Items from a dataset
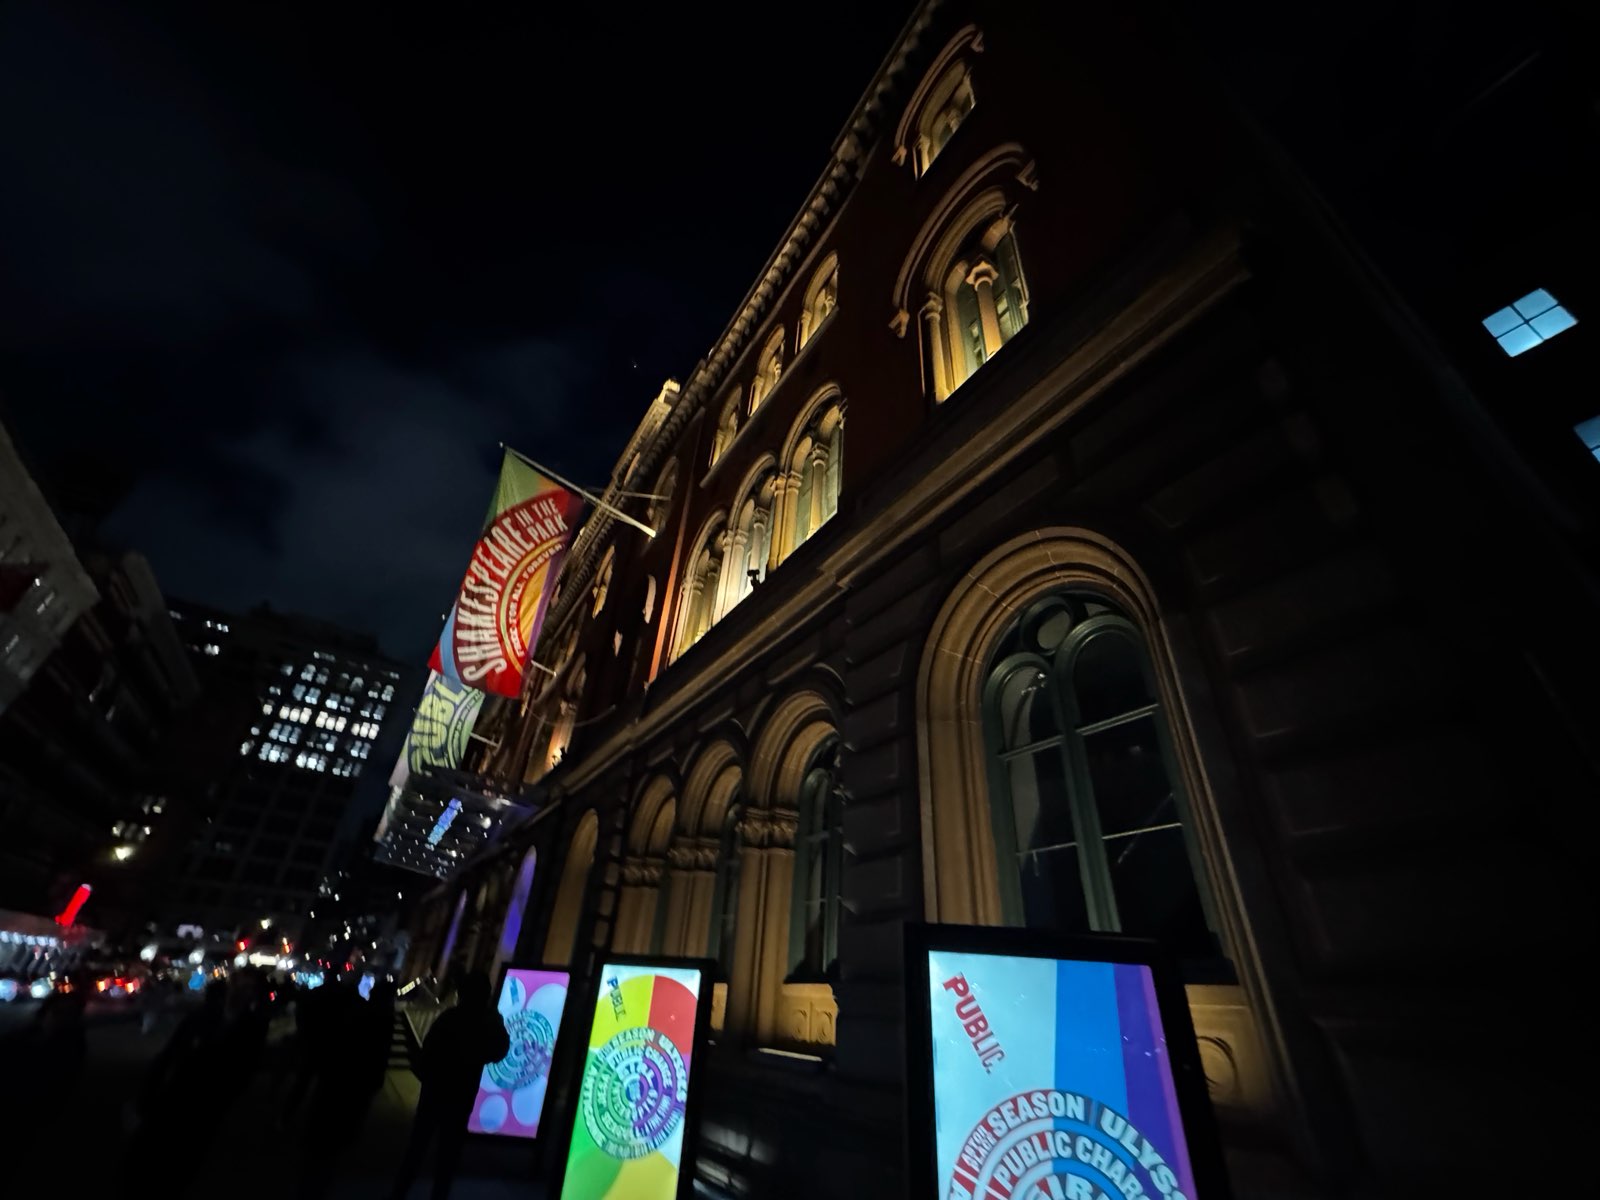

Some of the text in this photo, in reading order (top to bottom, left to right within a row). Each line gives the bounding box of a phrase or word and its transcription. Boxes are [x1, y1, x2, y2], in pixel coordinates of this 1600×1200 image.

[514, 498, 560, 527] IN THE
[527, 513, 568, 543] PARK
[456, 517, 536, 681] SHAKESPEARE
[986, 1091, 1086, 1138] SEASON
[993, 1131, 1150, 1200] PUBLIC CHAR
[1100, 1108, 1188, 1200] ULYS
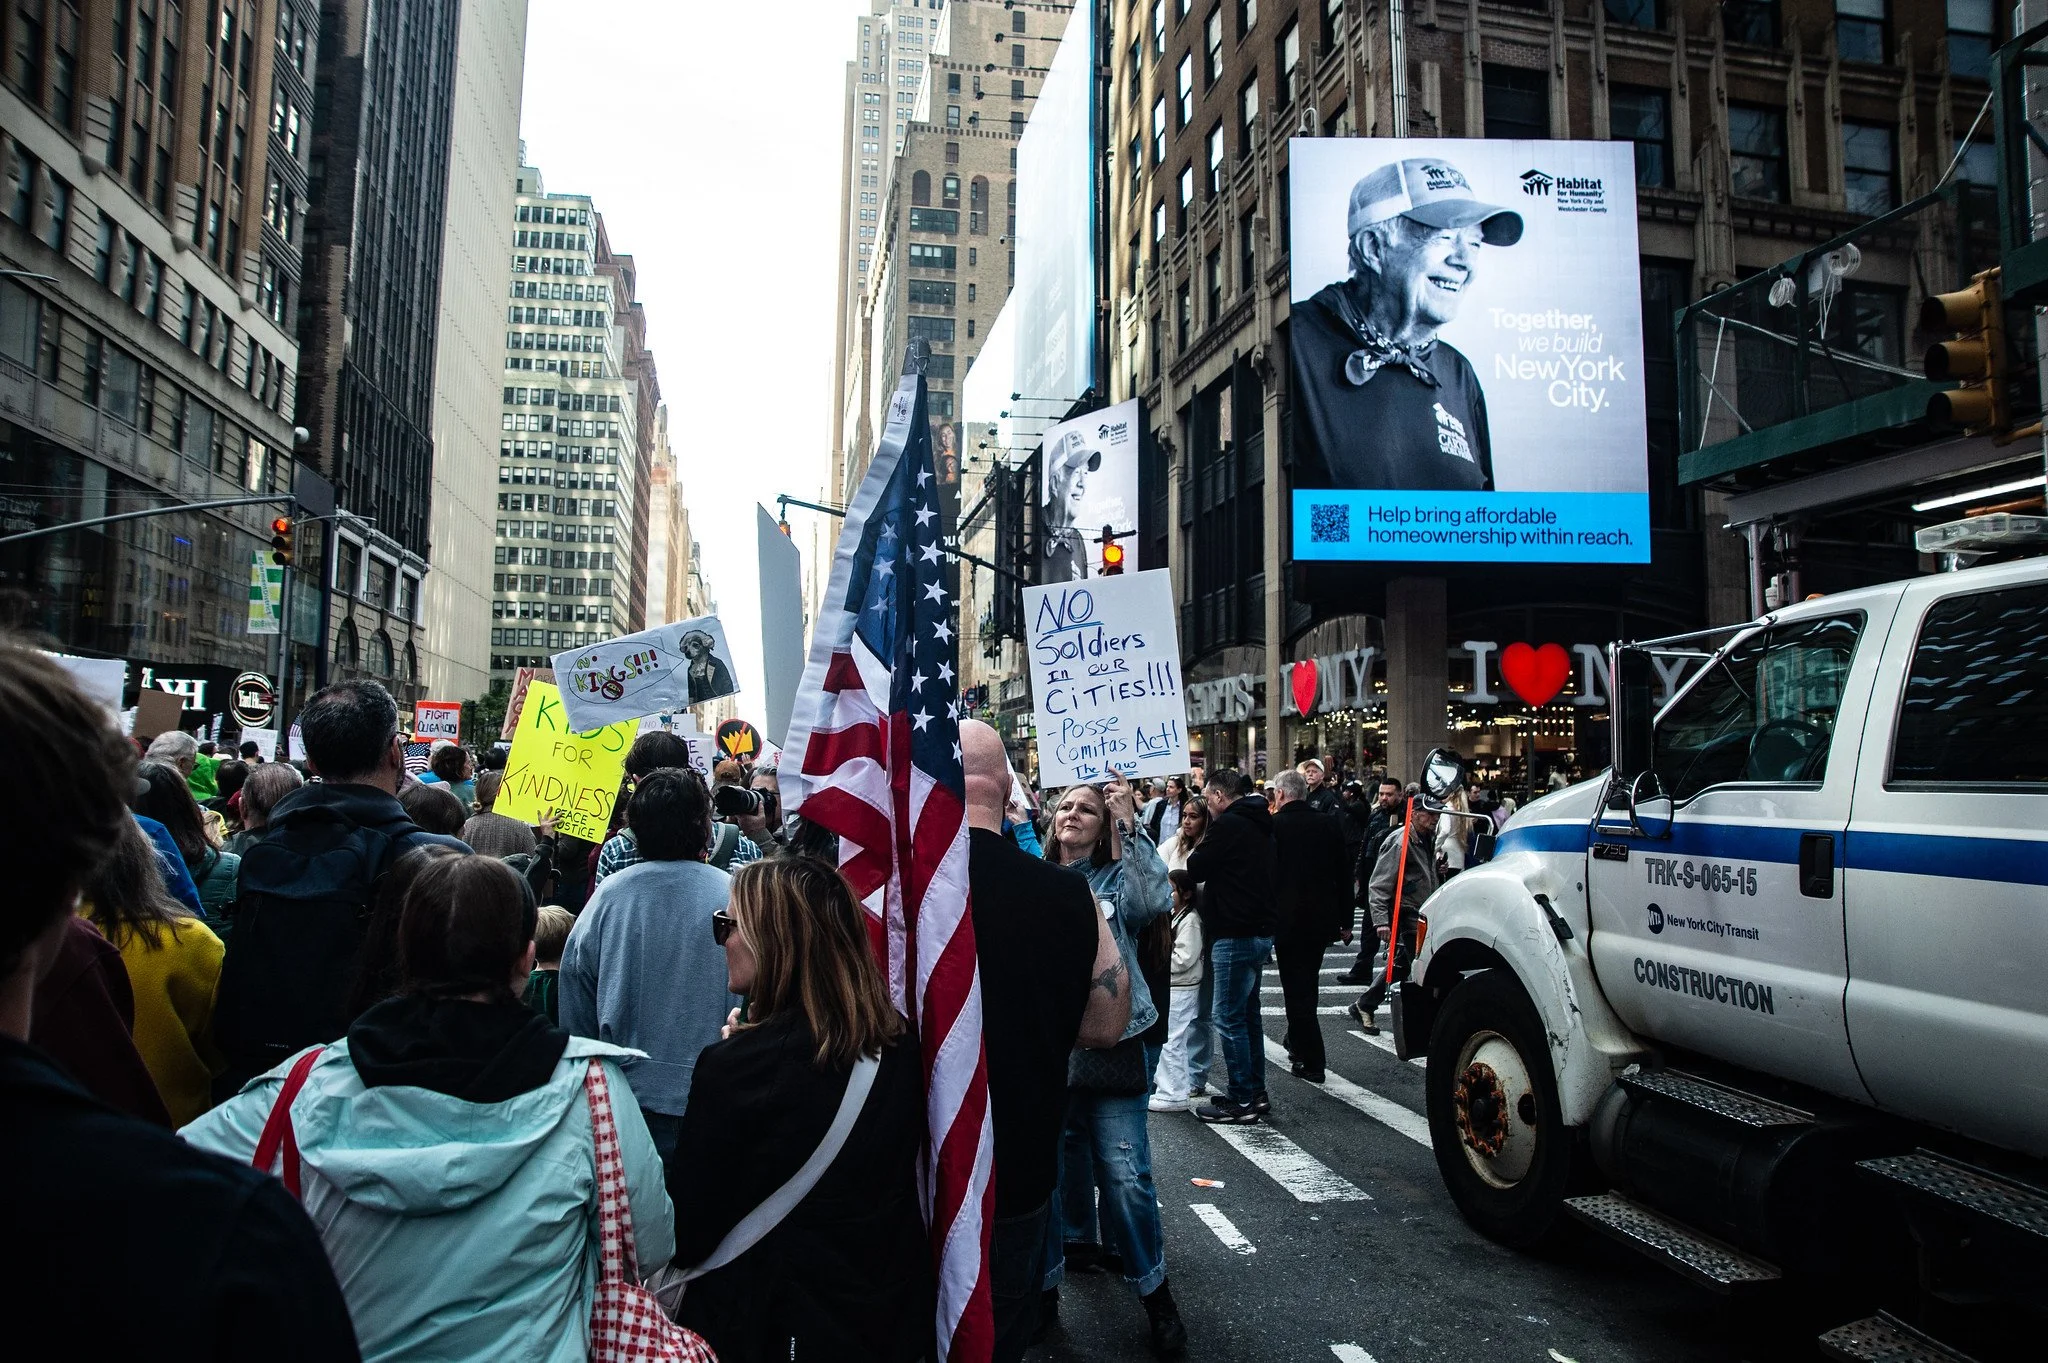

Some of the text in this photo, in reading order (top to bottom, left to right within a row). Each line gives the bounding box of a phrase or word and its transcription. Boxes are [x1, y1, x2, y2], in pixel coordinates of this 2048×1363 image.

[1557, 177, 1602, 189] Habitat
[1570, 190, 1603, 198] Humanity
[1489, 308, 1597, 333] Together,
[1519, 332, 1603, 353] we build
[1495, 353, 1626, 381] New York
[1548, 380, 1610, 413] City.
[1368, 506, 1557, 526] Help bring affordable
[1368, 526, 1633, 547] homeownership within reach.
[1036, 589, 1093, 632] NO
[1036, 626, 1145, 665] Soldiers
[575, 649, 658, 692] KINGS!!!
[1318, 647, 1374, 713] NY
[1462, 641, 1498, 704] I
[425, 709, 451, 720] FIGHT
[644, 720, 657, 729] NO
[1137, 720, 1180, 752] Act!
[552, 741, 593, 769] FOR
[1072, 760, 1137, 777] The Law
[553, 820, 596, 839] USTICE
[554, 807, 588, 826] PEACE
[1645, 857, 1757, 896] TRK-S-065-15
[1667, 914, 1760, 940] New York City Transit
[1634, 957, 1775, 1015] CONSTRUCTION
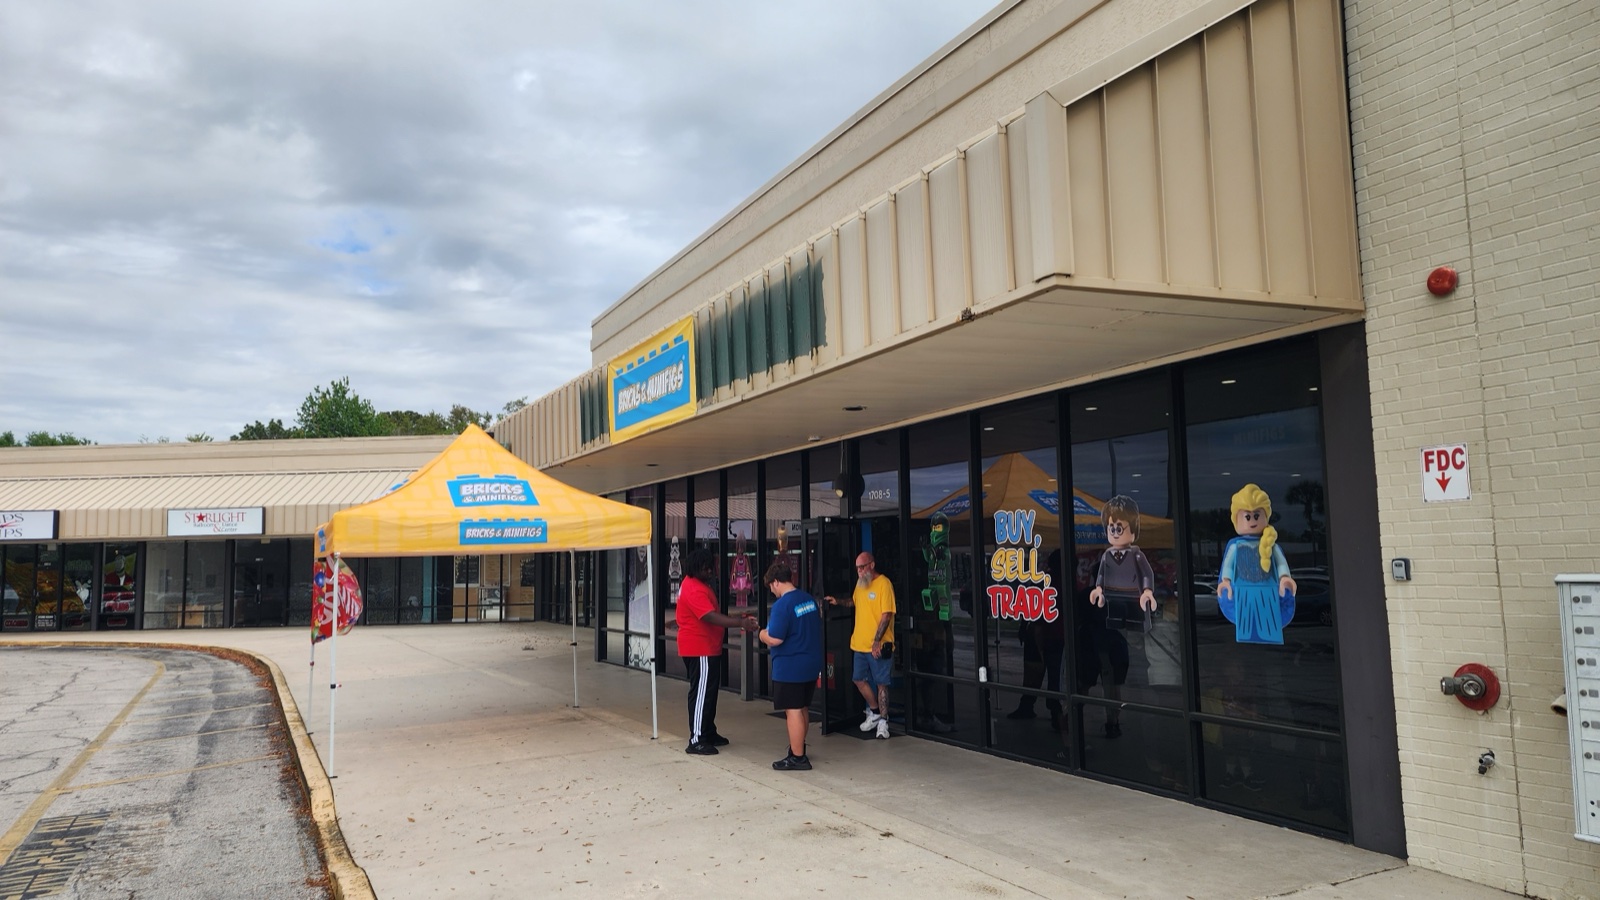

▶ _Exercise description_
All of the entries above should be copied exactly, with the images left out.

▶ _Task result_
Some of the text in this photo, in reading order (top to bottom, left to right within a row). Each line gives the bounding box of a phrase or word and its transcription. Boxes are [x1, y1, x2, y2], in pixel coordinates of this 1600×1200 image.

[514, 498, 560, 527] IN THE
[527, 513, 568, 543] PARK
[456, 517, 536, 681] SHAKESPEARE
[986, 1091, 1086, 1138] SEASON
[993, 1131, 1150, 1200] PUBLIC CHAR
[1100, 1108, 1188, 1200] ULYS

Some of the text in this photo, in reading order (top to bottom, left to right within a row). Each line gives the bounding box of a phrase or word and its transcription. Boxes are [x1, y1, x2, y2], in pixel coordinates of this 2048×1363 image.

[1557, 177, 1602, 189] Habitat
[1570, 190, 1603, 198] Humanity
[1489, 308, 1597, 333] Together,
[1519, 332, 1603, 353] we build
[1495, 353, 1626, 381] New York
[1548, 380, 1610, 413] City.
[1368, 506, 1557, 526] Help bring affordable
[1368, 526, 1633, 547] homeownership within reach.
[1036, 589, 1093, 632] NO
[1036, 626, 1145, 665] Soldiers
[575, 649, 658, 692] KINGS!!!
[1318, 647, 1374, 713] NY
[1462, 641, 1498, 704] I
[425, 709, 451, 720] FIGHT
[644, 720, 657, 729] NO
[1137, 720, 1180, 752] Act!
[552, 741, 593, 769] FOR
[1072, 760, 1137, 777] The Law
[553, 820, 596, 839] USTICE
[554, 807, 588, 826] PEACE
[1645, 857, 1757, 896] TRK-S-065-15
[1667, 914, 1760, 940] New York City Transit
[1634, 957, 1775, 1015] CONSTRUCTION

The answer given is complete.